START Given entries
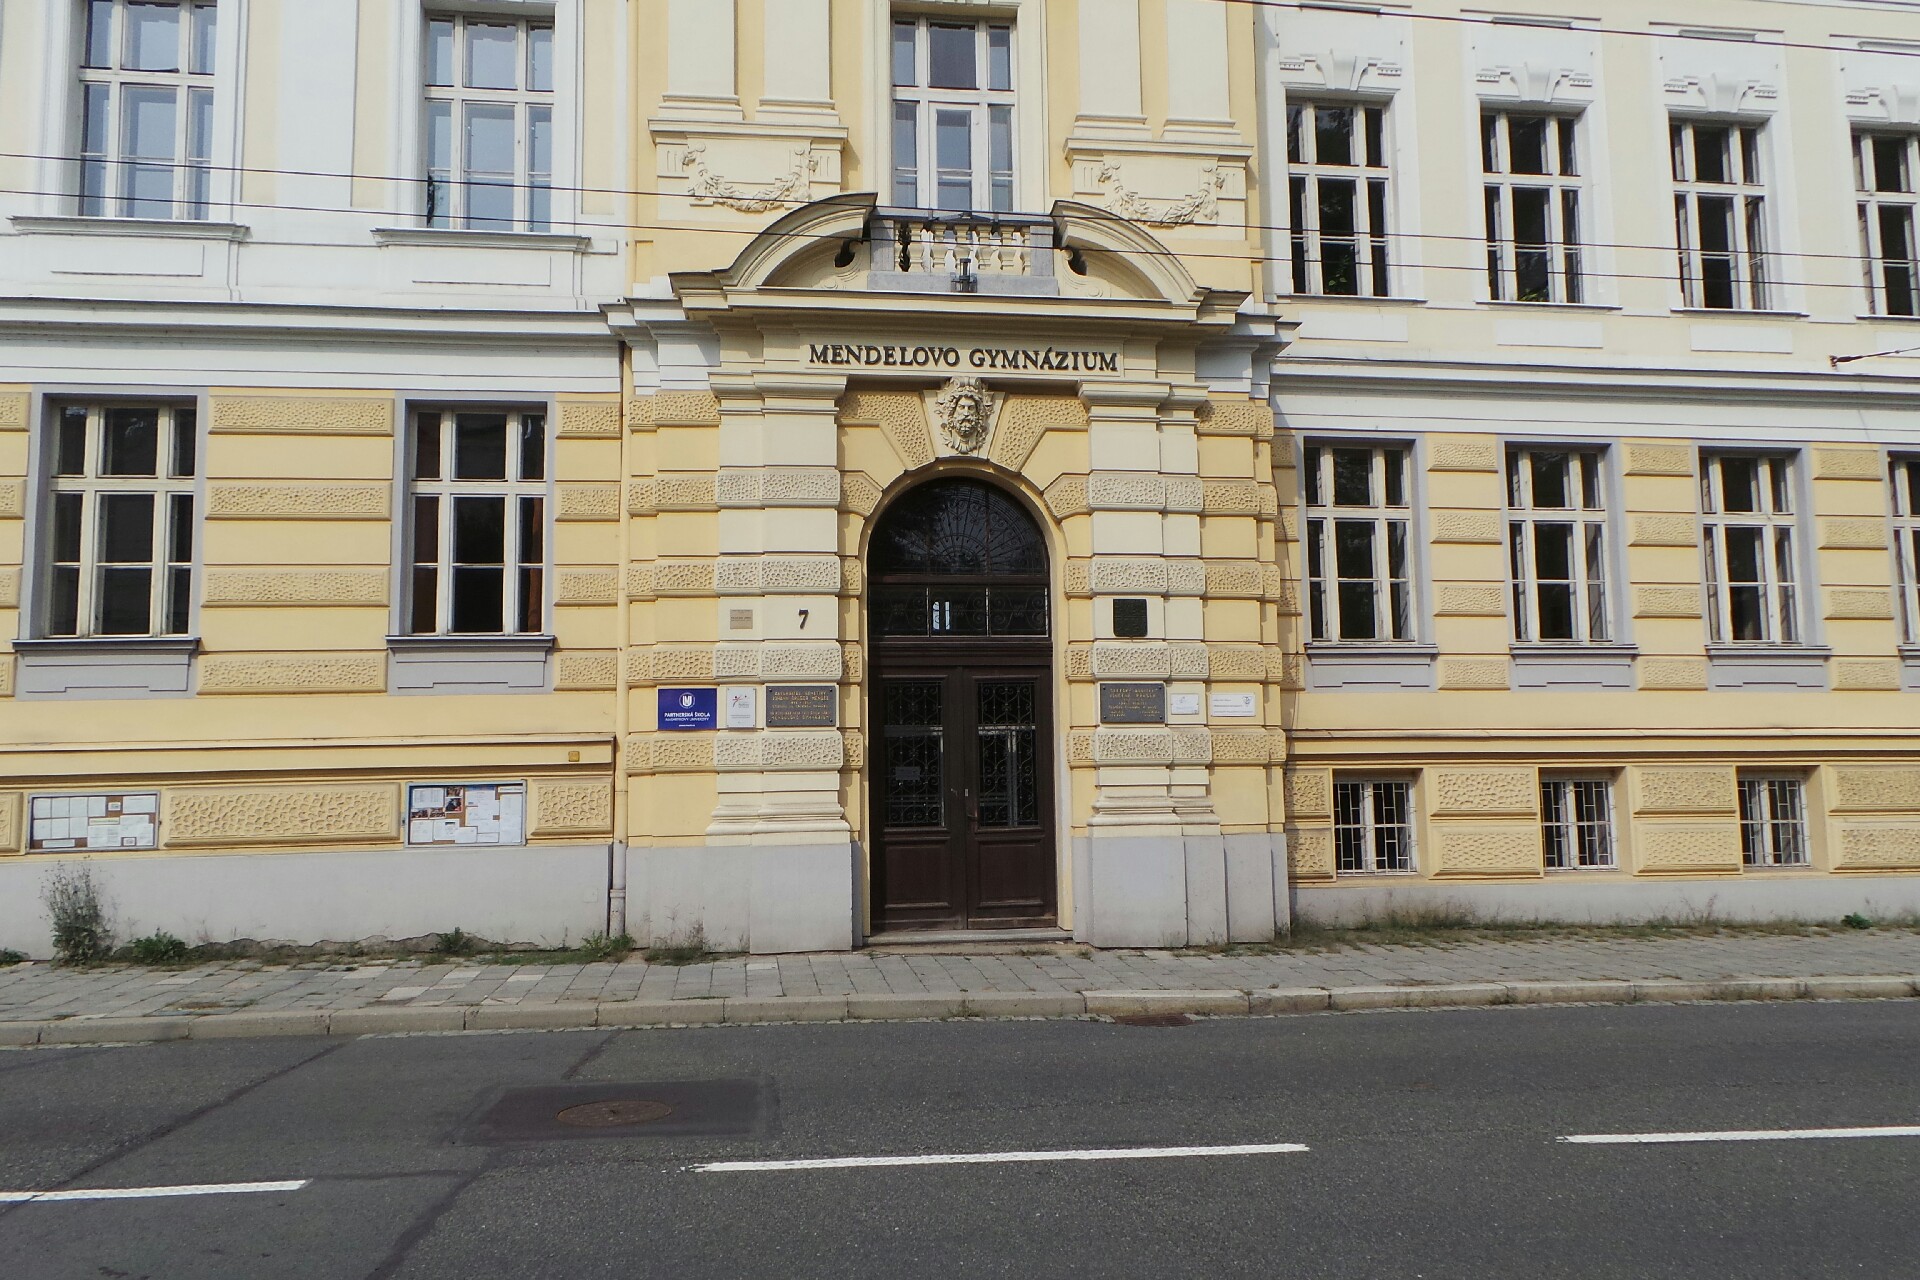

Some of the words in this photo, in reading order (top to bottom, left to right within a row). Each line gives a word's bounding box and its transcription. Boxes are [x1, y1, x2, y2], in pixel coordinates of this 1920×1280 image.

[809, 344, 961, 367] MENDELOVO
[968, 346, 1118, 372] GYMNÁZIUM
[798, 609, 809, 630] 7
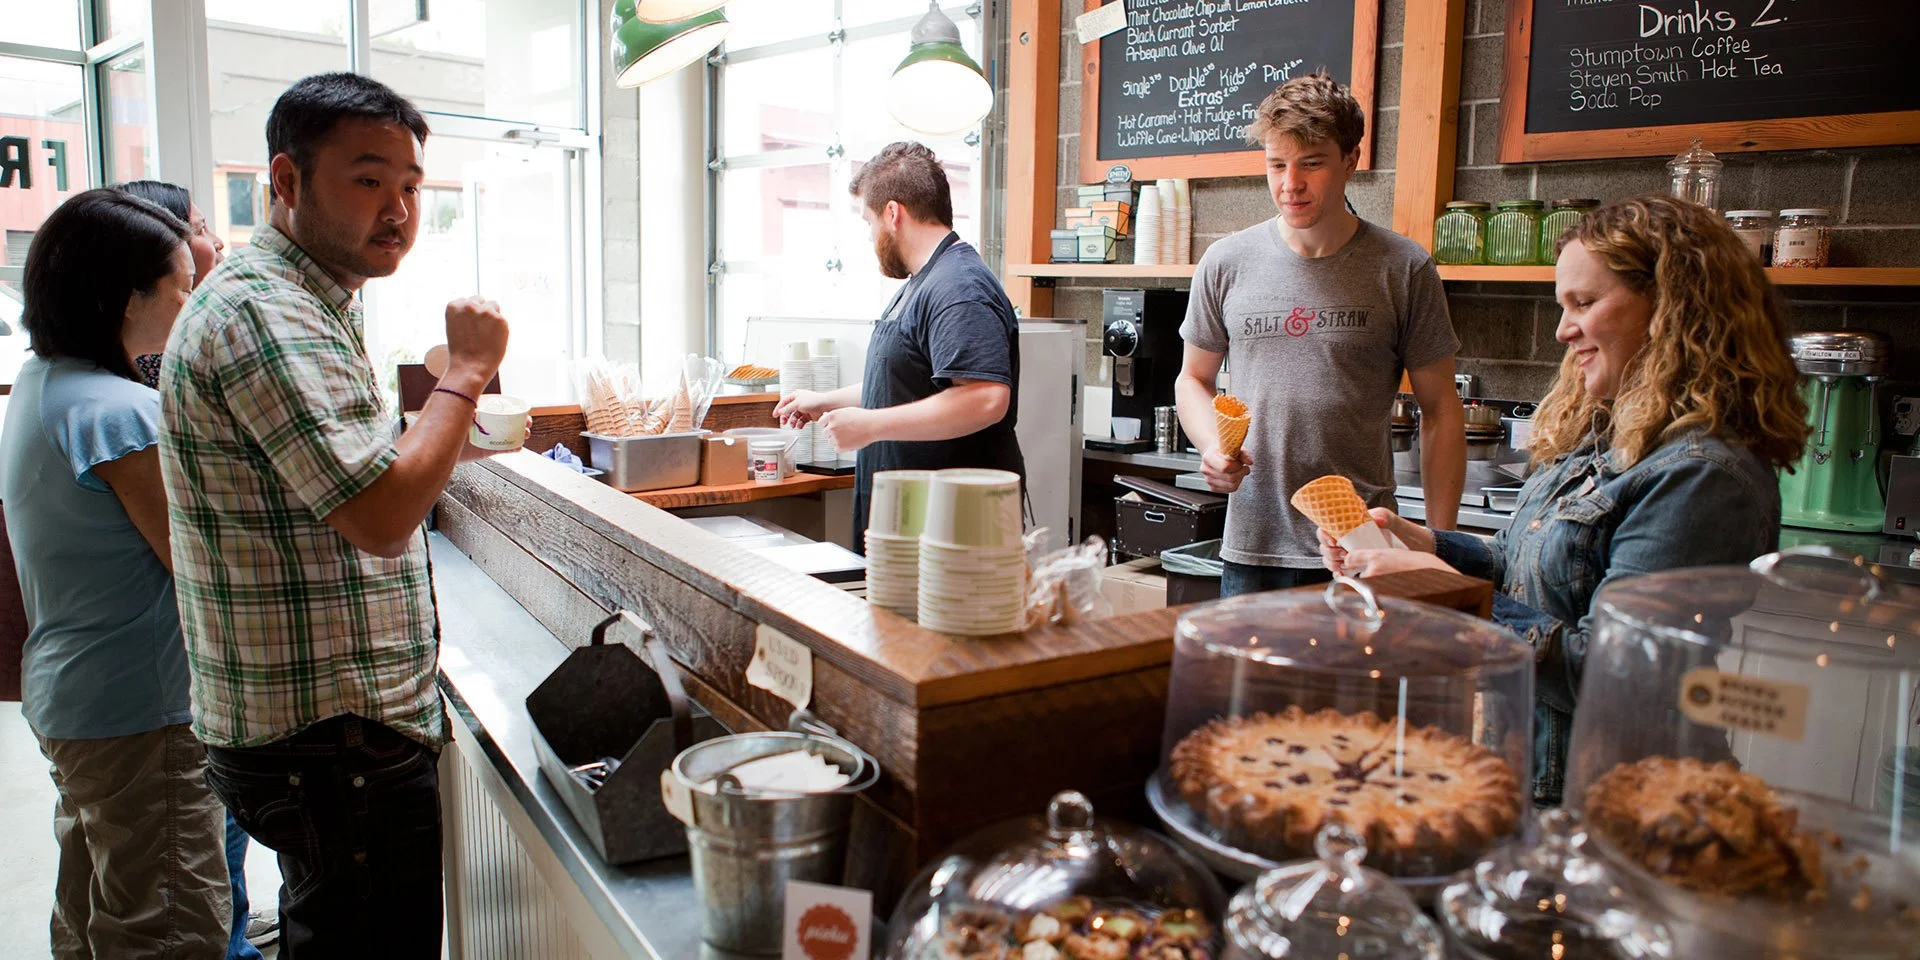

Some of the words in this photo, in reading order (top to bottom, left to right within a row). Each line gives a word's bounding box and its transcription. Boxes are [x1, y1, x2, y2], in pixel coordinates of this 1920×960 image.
END Given entries
• **Work instruction**
With the images left out, output all the entries above exactly.

• **Result below**
Some of the words in this photo, in reading order (top to bottom, left to right within a row). Each line gives a word's bounding box and its transcription. Boxes are [x1, y1, x2, y2], in pixel coordinates of this 1920×1280 image.

[809, 344, 961, 367] MENDELOVO
[968, 346, 1118, 372] GYMNÁZIUM
[798, 609, 809, 630] 7

Some of the words in this photo, in reading order (top to bottom, left to right within a row). Each line gives a word's bounding box and its transcription. Boxes are [x1, y1, x2, y2], in pixel coordinates of this 1920×960 image.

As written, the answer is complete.